> **Work instruction**:
Each entry that follows should be written again verbatim.
*** Opening of Data for this exercise ***
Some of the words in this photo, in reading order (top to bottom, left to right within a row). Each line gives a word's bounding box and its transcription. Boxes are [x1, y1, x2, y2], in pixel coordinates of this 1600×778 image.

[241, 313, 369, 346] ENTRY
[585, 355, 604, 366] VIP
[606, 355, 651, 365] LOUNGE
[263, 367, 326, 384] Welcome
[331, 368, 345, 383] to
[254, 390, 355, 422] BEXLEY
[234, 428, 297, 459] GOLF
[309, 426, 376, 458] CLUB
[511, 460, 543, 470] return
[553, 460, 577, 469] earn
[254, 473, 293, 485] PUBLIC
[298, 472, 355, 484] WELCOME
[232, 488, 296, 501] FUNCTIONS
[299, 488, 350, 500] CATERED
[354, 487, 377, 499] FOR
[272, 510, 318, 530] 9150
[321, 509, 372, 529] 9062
*** Close of Data for this exercise ***
> **Finished exercise**:
Some of the words in this photo, in reading order (top to bottom, left to right within a row). Each line gives a word's bounding box and its transcription. Boxes are [x1, y1, x2, y2], in pixel coordinates of this 1600×778 image.

[241, 313, 369, 346] ENTRY
[585, 355, 604, 366] VIP
[606, 355, 651, 365] LOUNGE
[263, 367, 326, 384] Welcome
[331, 368, 345, 383] to
[254, 390, 355, 422] BEXLEY
[234, 428, 297, 459] GOLF
[309, 426, 376, 458] CLUB
[511, 460, 543, 470] return
[553, 460, 577, 469] earn
[254, 473, 293, 485] PUBLIC
[298, 472, 355, 484] WELCOME
[232, 488, 296, 501] FUNCTIONS
[299, 488, 350, 500] CATERED
[354, 487, 377, 499] FOR
[272, 510, 318, 530] 9150
[321, 509, 372, 529] 9062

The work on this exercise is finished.